All sides to the conflict in Benghazi should allow all civilians to leave the Ganfouda neighborhood, and allow for the safe passage of humanitarian aid into the neighborhood.
Members of the Libyan National Army, the armed forces allied with the Interim Government in al-Bayda, during clashes with the Benghazi Revolutionaries Shura Council, an Islamist militia alliance, in Benghazi on April 1, 2015.
Ganfouda is one of the few remaining holdouts of militant Islamist groups in Benghazi. The LNA, which has Ganfouda under siege, has said it will not allow any evacuation of males between ages 15 and 65 and has set a series of other conditions. The Islamist coalition controlling the neighborhood has also set conditions for evacuation of civilians.
“The Libyan National Army should let any civilian who wants to leave the battle zone go, whatever their age or gender,” said Hanan Salah, senior Libya researcher at Human Rights Watch. “The presence of fighters nearby doesn’t give the LNA license to trap civilians in a battle zone facing near-starvation.”
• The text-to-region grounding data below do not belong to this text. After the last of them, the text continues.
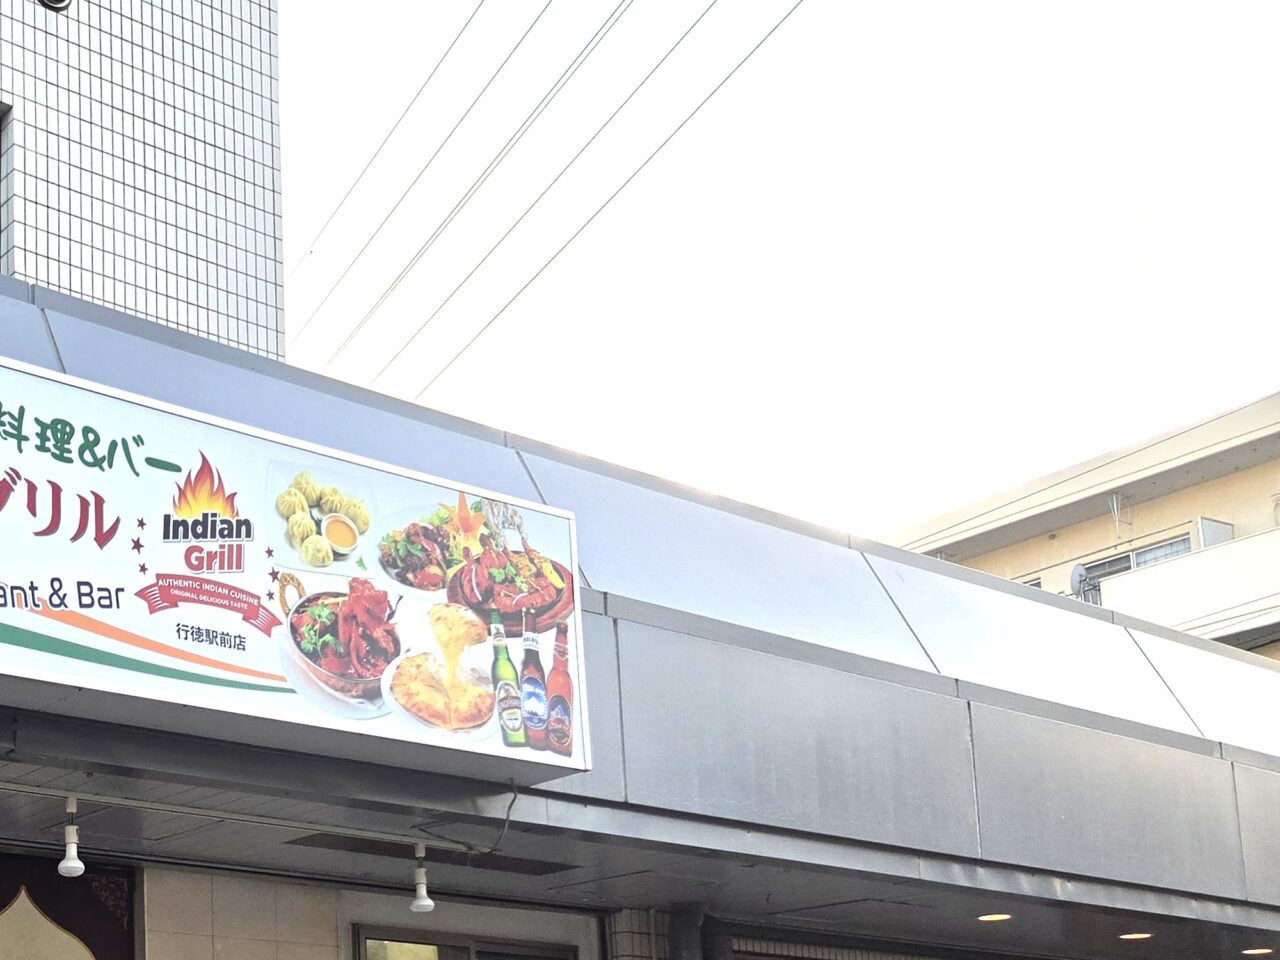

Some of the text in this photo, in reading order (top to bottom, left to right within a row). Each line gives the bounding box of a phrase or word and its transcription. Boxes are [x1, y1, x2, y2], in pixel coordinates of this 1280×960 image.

[162, 512, 253, 541] Indian
[184, 543, 243, 572] Grill
[49, 577, 71, 609] &
[78, 580, 125, 610] Bar
[158, 578, 259, 606] AUTHENTIC INDIAN CUISINE
[170, 588, 249, 610] ORIGINAL DELICIOUS TASTE
[176, 622, 247, 652] 行徳駅前店
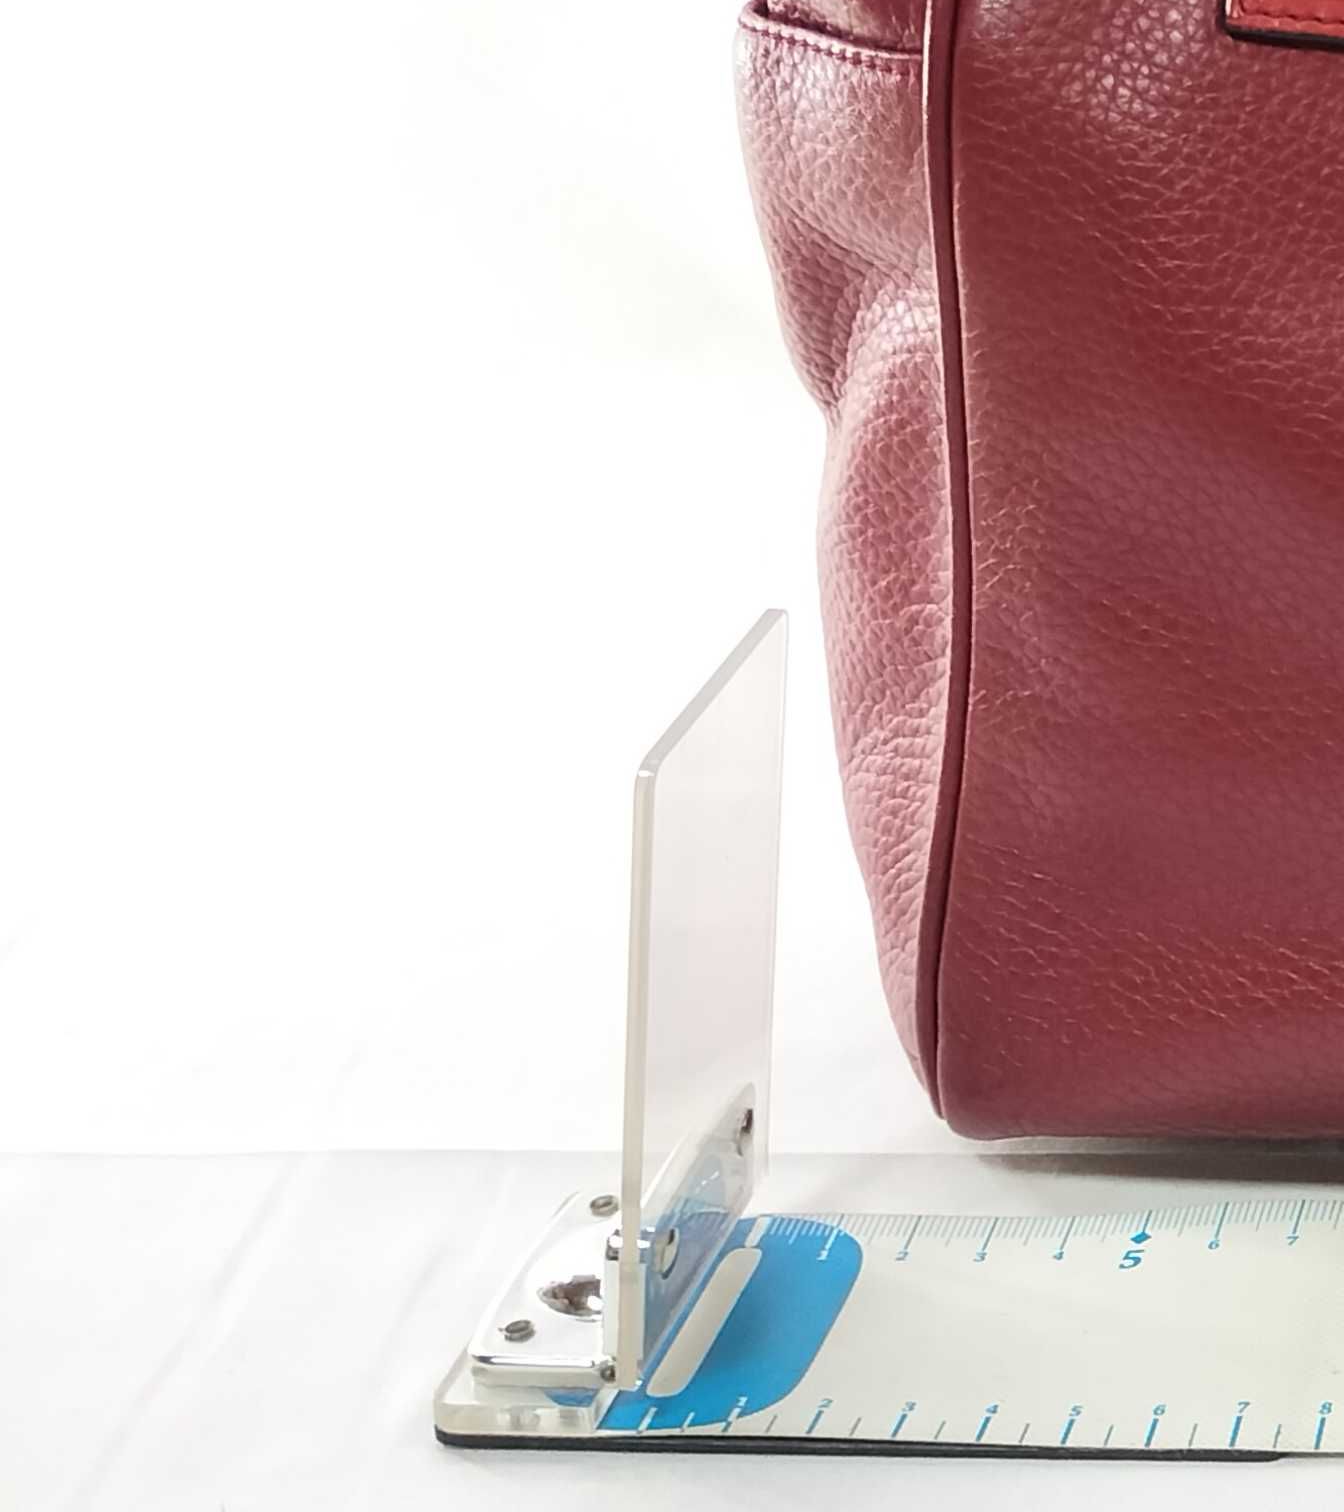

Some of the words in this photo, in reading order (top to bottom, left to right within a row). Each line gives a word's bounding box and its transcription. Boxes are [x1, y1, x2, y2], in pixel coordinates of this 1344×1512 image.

The LNA, since early 2014 under the command of a retired general of the ousted Gaddafi government, Khalifa Hiftar, has gained control over territory in and around Benghazi since the outbreak of hostilities in May 2014. It has carried out air strikes and fired mortars on Ganfouda, killing or wounding an unknown number of civilians, and damaging infrastructure, Benghazi residents told Human Rights Watch.
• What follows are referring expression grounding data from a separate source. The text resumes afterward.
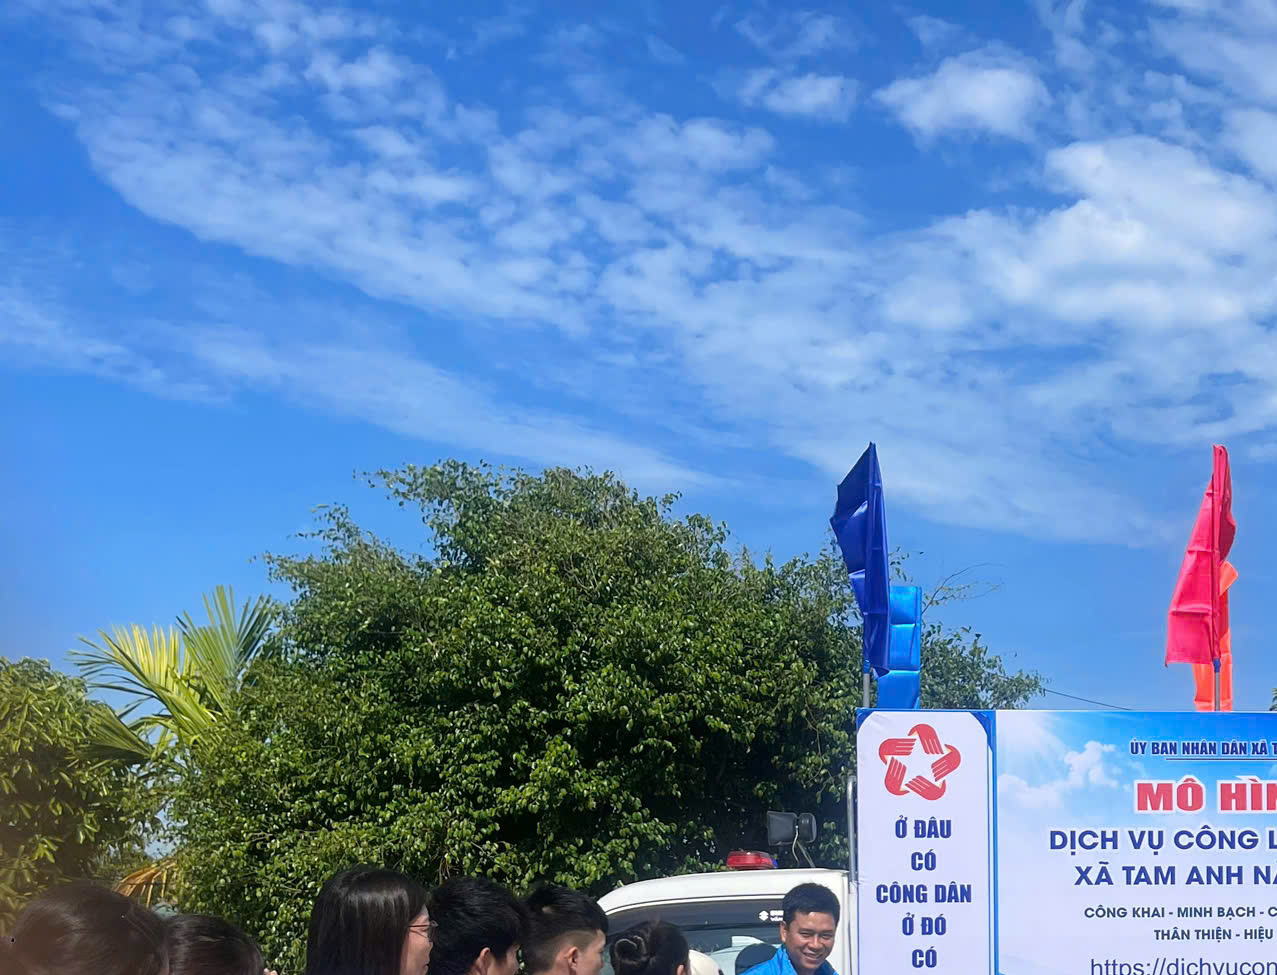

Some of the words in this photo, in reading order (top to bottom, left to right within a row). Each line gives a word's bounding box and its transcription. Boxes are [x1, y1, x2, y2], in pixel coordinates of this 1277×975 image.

[1130, 739, 1147, 755] ỦY
[1152, 742, 1177, 755] BAN
[1182, 740, 1217, 755] NHÂN
[1222, 740, 1247, 755] DÂN
[1251, 740, 1268, 755] XÃ
[1136, 777, 1204, 811] MÔ
[896, 815, 907, 838] Ở
[914, 817, 951, 838] ĐÂU
[1050, 831, 1118, 855] DỊCH
[1128, 831, 1163, 855] VỤ
[1174, 825, 1258, 849] CÔNG
[911, 849, 936, 870] CÓ
[1074, 861, 1113, 885] XÃ
[1122, 866, 1175, 885] TAM
[1186, 866, 1243, 884] ANH
[876, 882, 927, 903] CÔNG
[935, 881, 971, 902] DÂN
[902, 912, 914, 935] Ở
[921, 914, 946, 935] ĐÓ
[1085, 905, 1127, 918] CÔNG
[1133, 907, 1164, 917] KHAI
[1178, 907, 1212, 917] MINH
[1218, 907, 1255, 920] BẠCH
[1154, 927, 1190, 940] THÂN
[1195, 927, 1231, 942] THIỆN
[1245, 926, 1273, 942] HIỆU
[912, 946, 937, 968] CÓ
The Islamist groups under the BRSC have shelled adjacent areas of Benghazi, killing and wounding civilians, and destroying property. They are also arbitrarily detaining about 100 supporters of the former Gaddafi government who were arrested during the 2011 revolution and held in Bouhdeima Military Prison in Benghazi until they were seized by militants in October 2014.
Affiliates of the Islamic State, also known as ISIS, are also opposing the LNA in Ganfouda.
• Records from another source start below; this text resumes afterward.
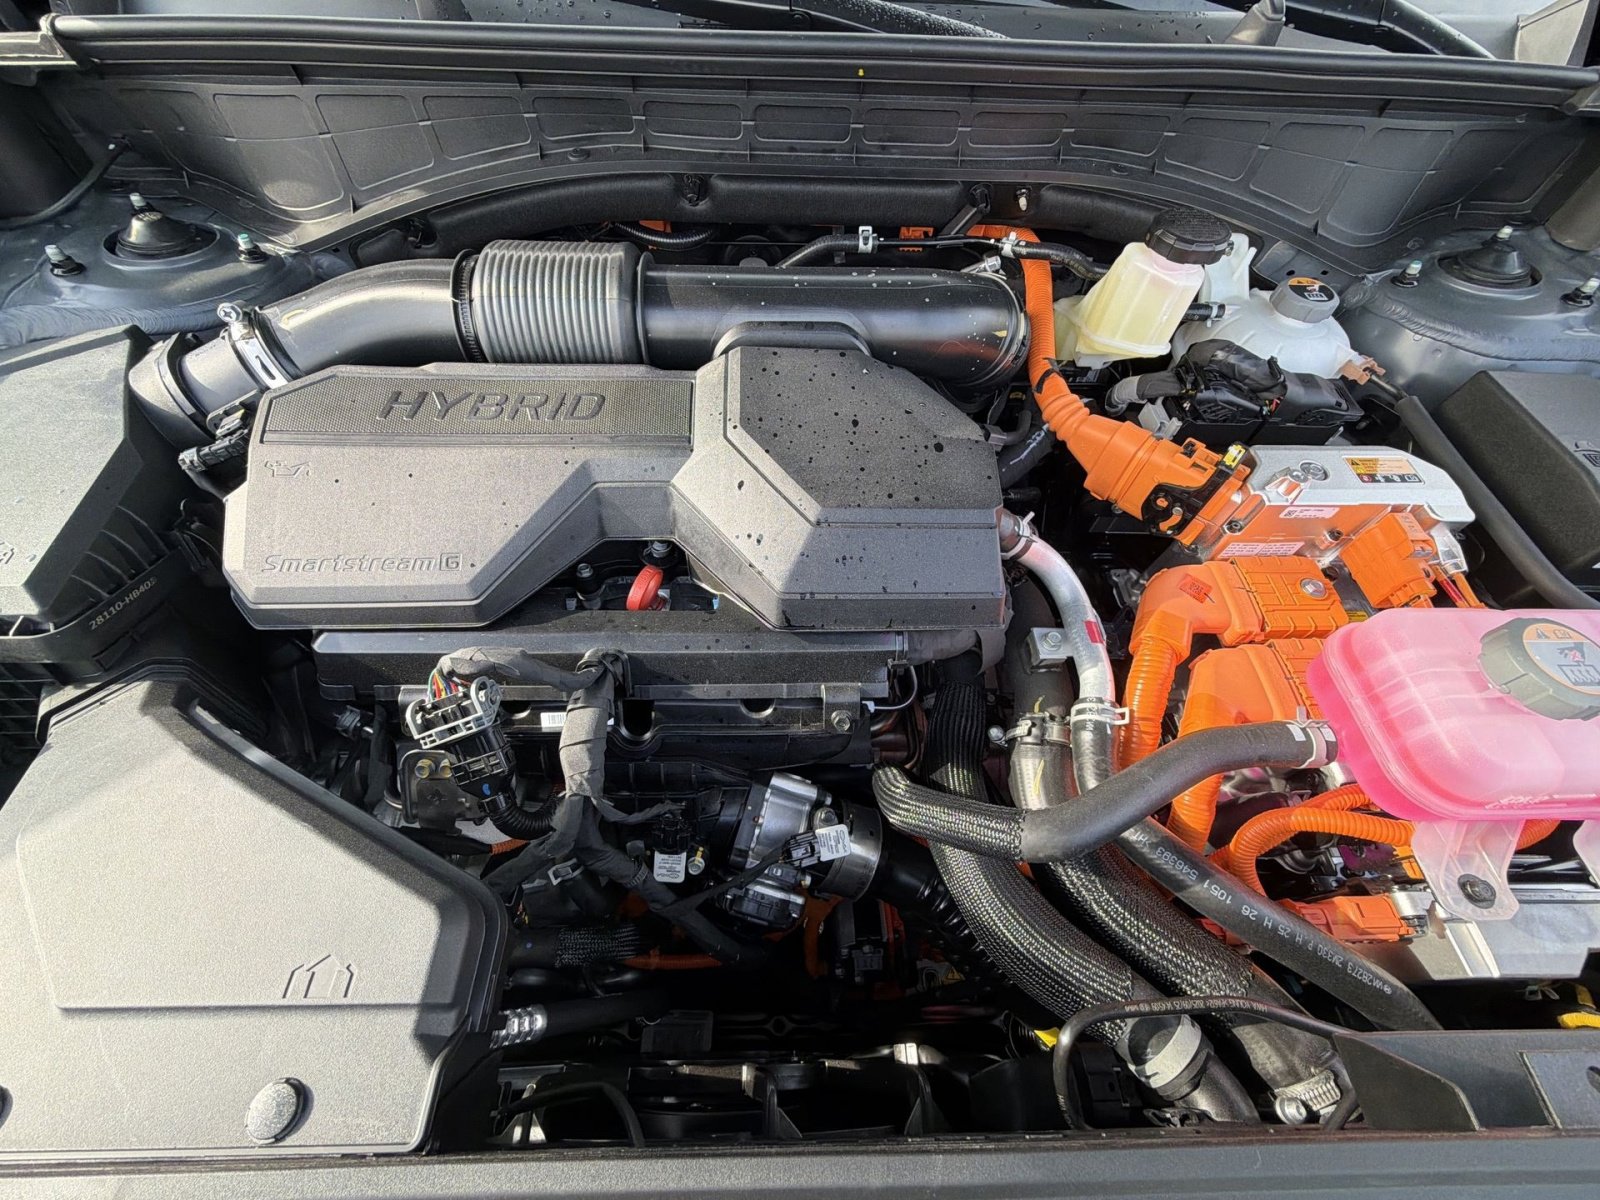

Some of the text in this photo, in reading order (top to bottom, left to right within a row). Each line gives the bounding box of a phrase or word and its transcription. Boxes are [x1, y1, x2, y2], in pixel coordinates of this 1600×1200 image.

[376, 390, 606, 421] HYBRID
[261, 554, 435, 573] Smartstream
[1203, 879, 1232, 904] 1051
[1241, 905, 1258, 920] 26
[1277, 924, 1291, 938] 25
Human Rights Watch spoke by cellphone with six Ganfouda residents, as well as with relatives abroad, activists, commanders, and representatives of the LNA and the BRSC. Residents said they live in constant fear of air strikes and have had no access to fresh food for months, no access to medical care with exception of one doctor with limited capacities, and limited drinking water. Electricity had been cut off for months, and only those residents who had a generator and fuel had access to some electricity. They said the intense fighting made them afraid to try to leave their neighborhood to get food and other necessities. They said they could not use a sea route in the coastal city, due to the LNA’s expansion of the siege to include coastal areas.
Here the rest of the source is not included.